Nominowany do nagrody Emmy serial dokumentalny „Pamiętnik Andy’ego Warhola” przedstawia widzom prywatne życie i emocjonalne zagubienie znanego artysty.
W połowie lat 70. Andy Warhol zaczął prowadzić coś w rodzaju pamiętnika. Zaczęło się od suchego zestawienia wydatków – tu tubka farby, tam kwarta mleka – podyktowane jego współpracowniczce Pat Hackett. Ale z biegiem czasu wpisy zmieniły się ze ściśle przyziemnych w coś głębszego i bardziej osobistego. „Mam takie desperackie uczucia”, zanotował na przykład we wpisie z 1981 roku, „że nic nie znaczy nic”.
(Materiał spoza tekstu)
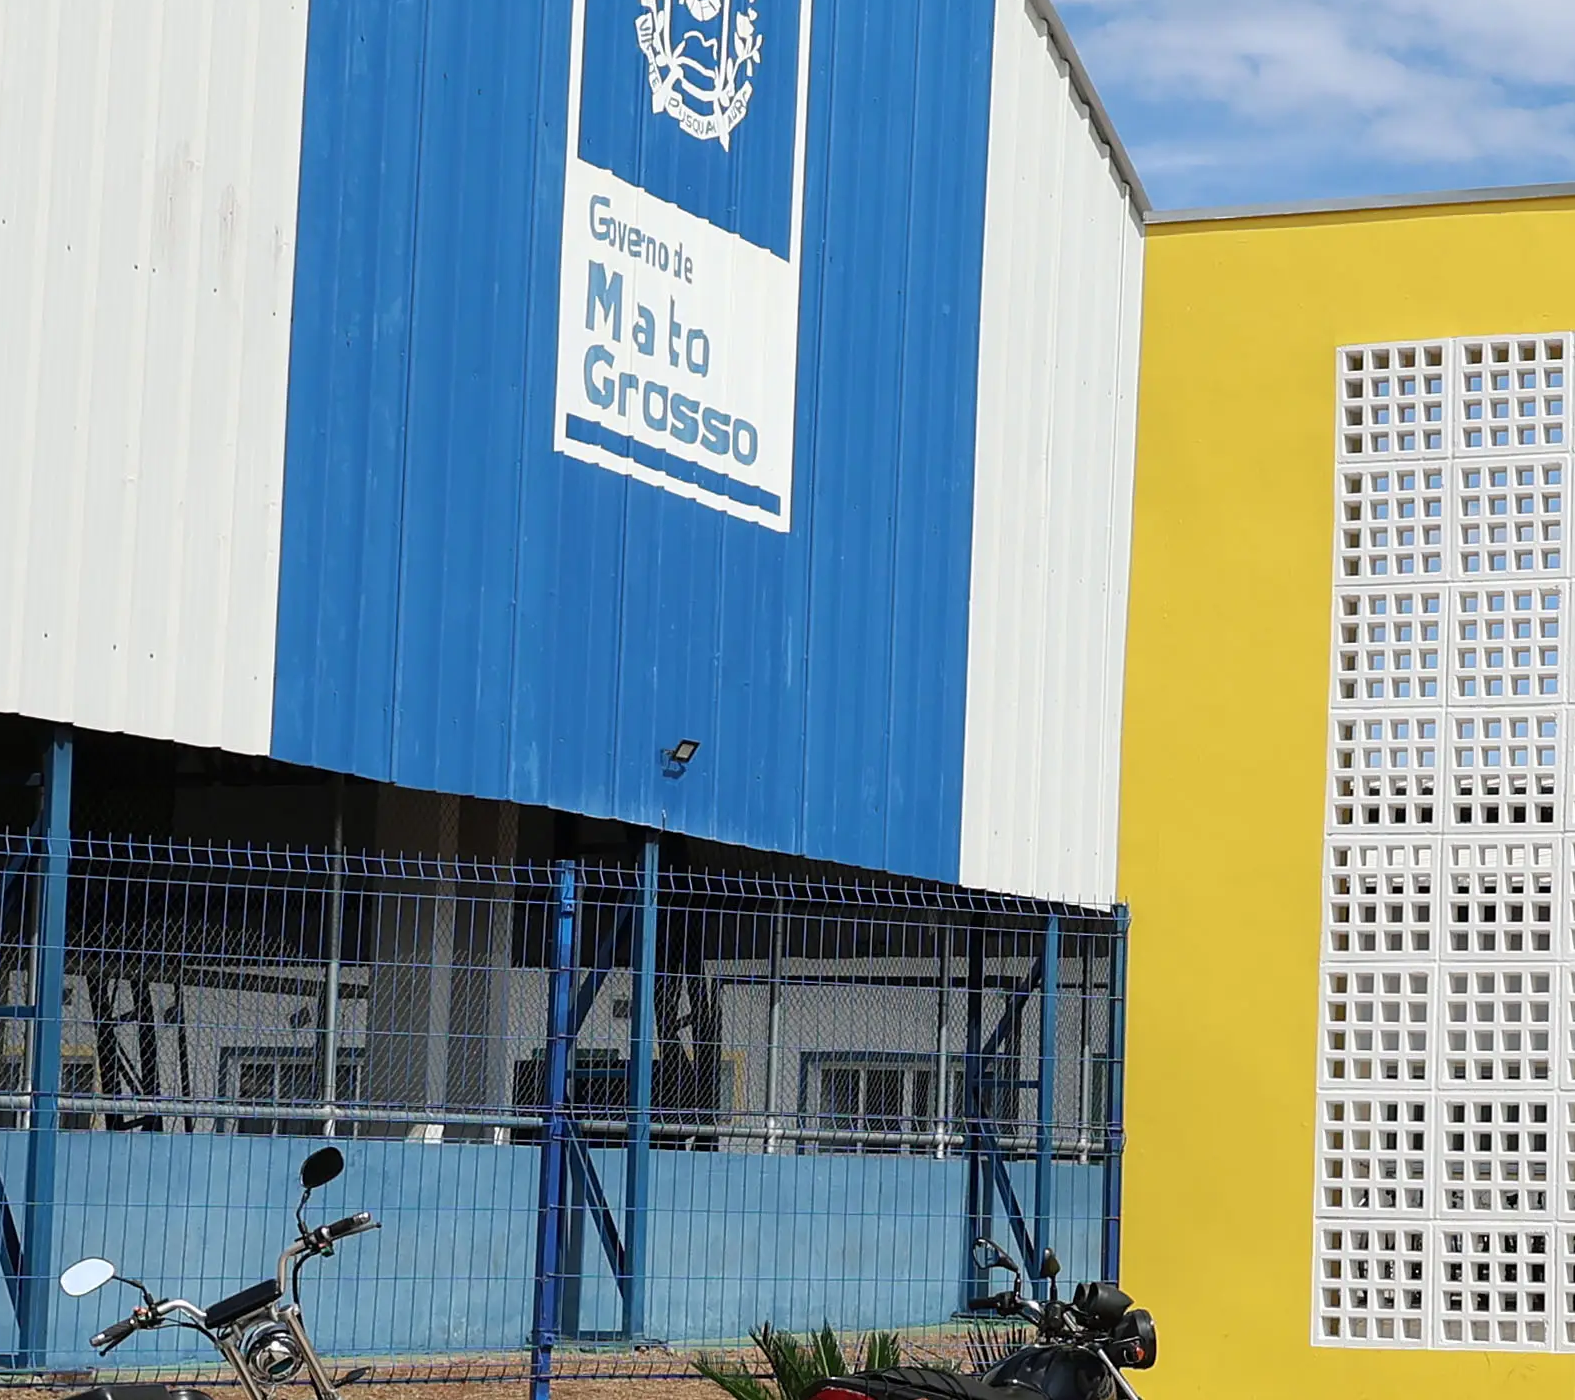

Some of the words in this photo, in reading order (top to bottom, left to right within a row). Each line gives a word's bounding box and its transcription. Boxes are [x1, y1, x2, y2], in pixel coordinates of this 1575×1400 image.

[589, 194, 669, 272] Governo
[673, 242, 693, 284] de
[585, 259, 710, 378] Mato
[583, 345, 758, 466] Grosso
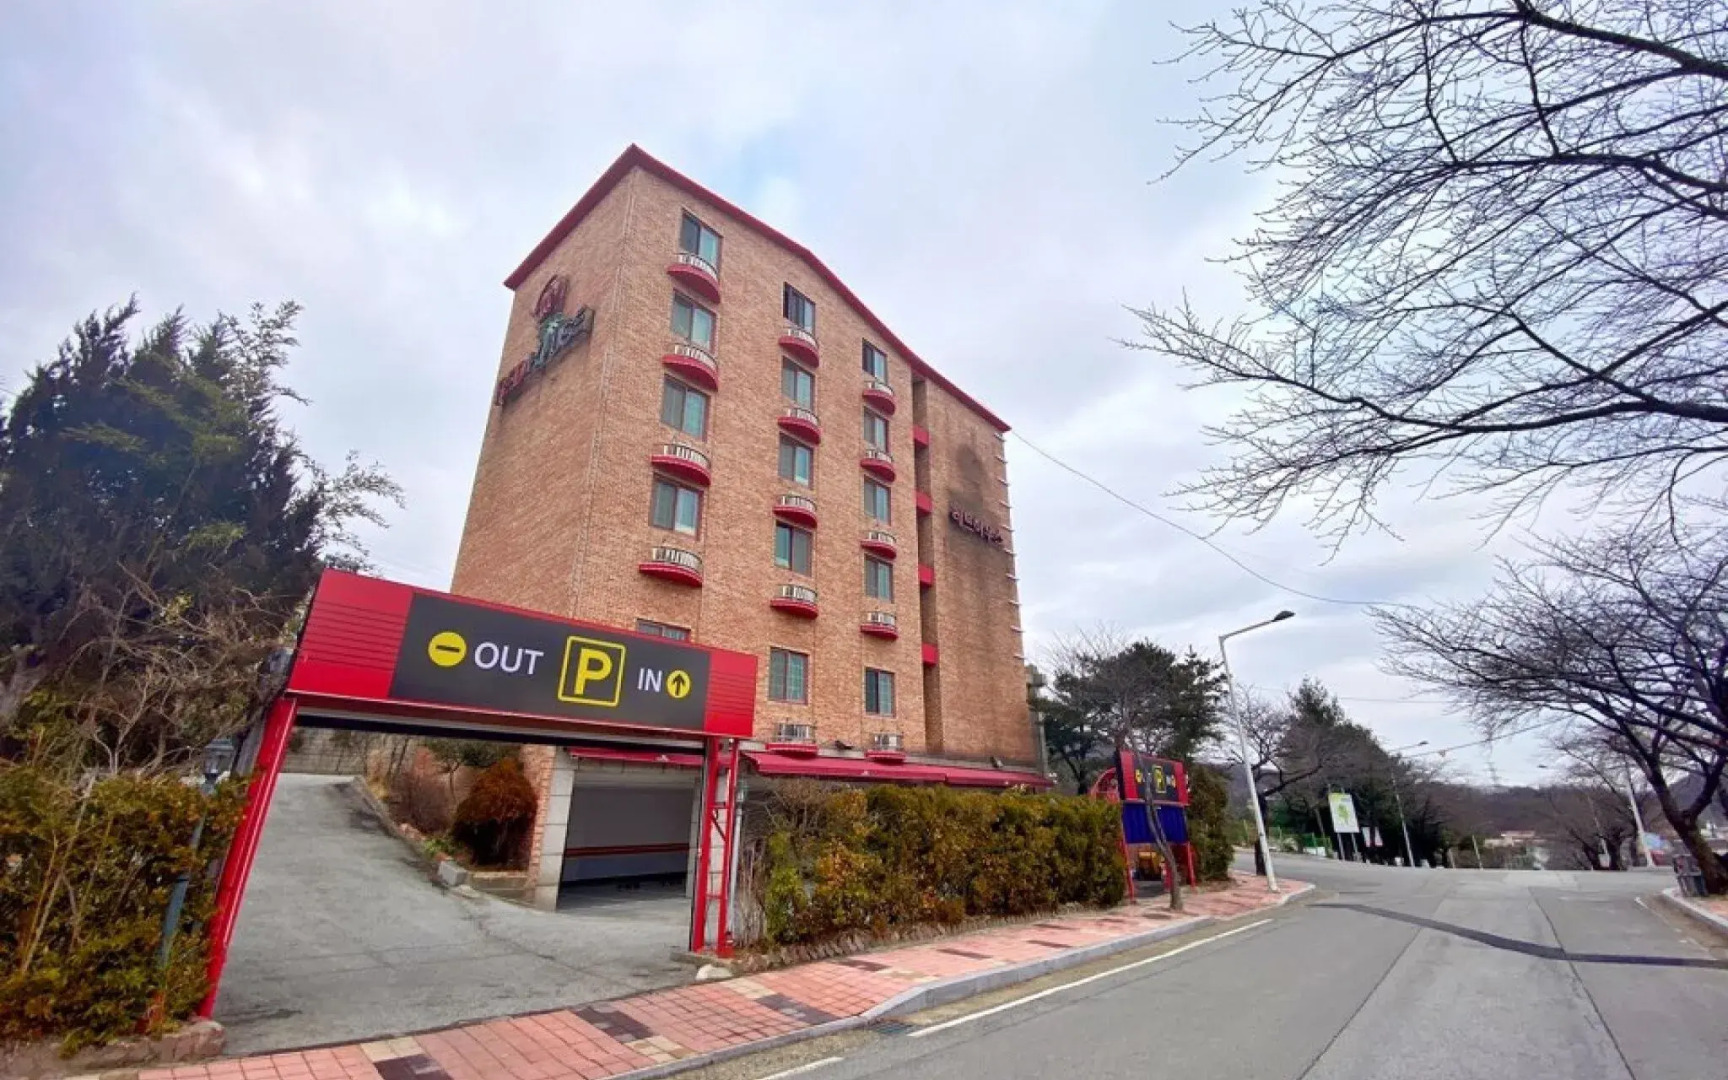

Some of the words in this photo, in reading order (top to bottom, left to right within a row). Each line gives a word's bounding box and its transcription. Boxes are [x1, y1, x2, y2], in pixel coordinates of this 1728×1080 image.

[474, 642, 544, 675] OUT
[574, 648, 613, 695] P
[638, 668, 662, 692] IN
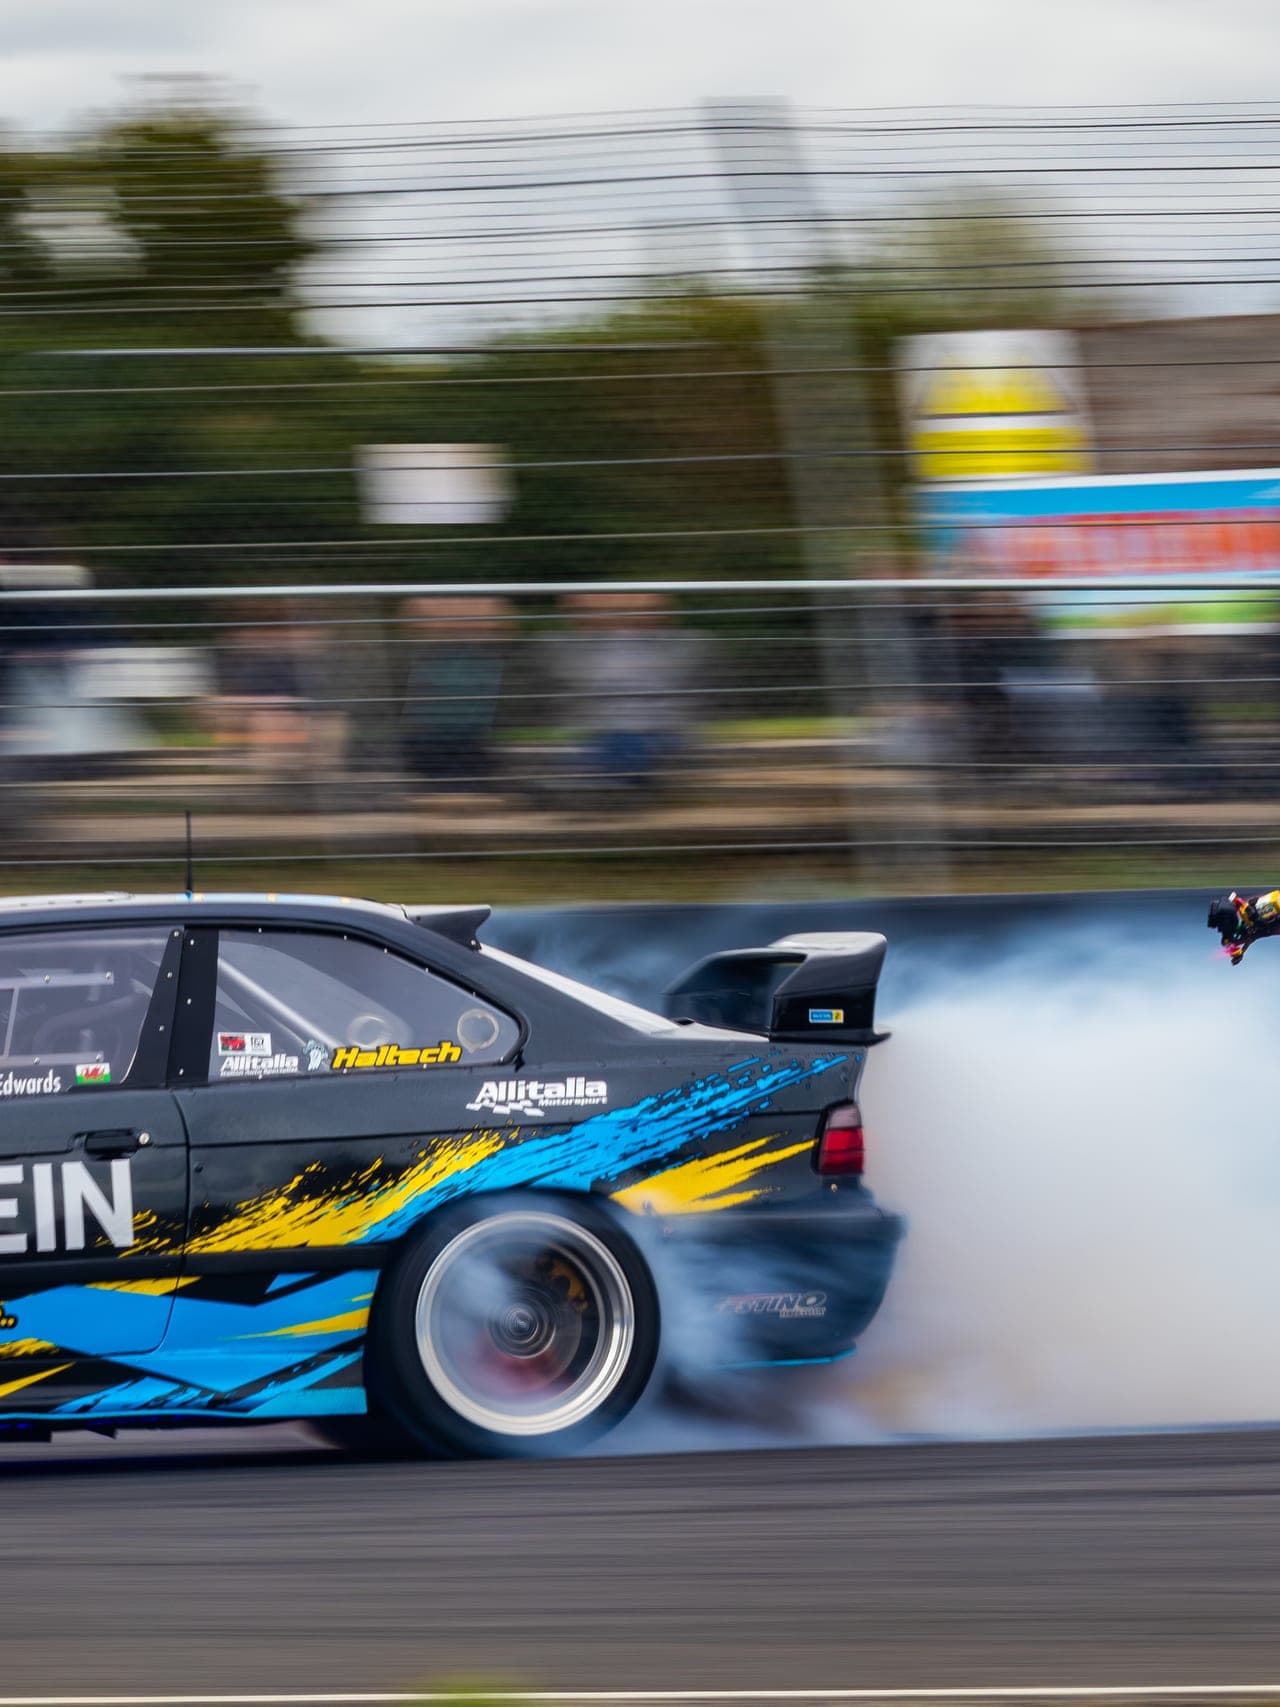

Pamiętnik Andy’ego Warhola zostały opublikowany pośmiertnie w 1989 roku, Hackett zredagowała surowe 20.000 stron do bardziej czytelnej formy, która zmieściła się na 807 stronach. Ale dopiero w 2022 roku Pamiętnik Andy’ego Warhola (tyt. oryg. The Andy Warhol Diaries) został zekranizowany w serialu dokumentalnym dla Netflixa. Produkcja zdobyła cztery nominacje do nagrody Emmy, w tym za najlepszy serial dokumentalny lub fabularny oraz indywidualne uznanie dla Andrew Rossiego za scenariusz i reżyserię serialu.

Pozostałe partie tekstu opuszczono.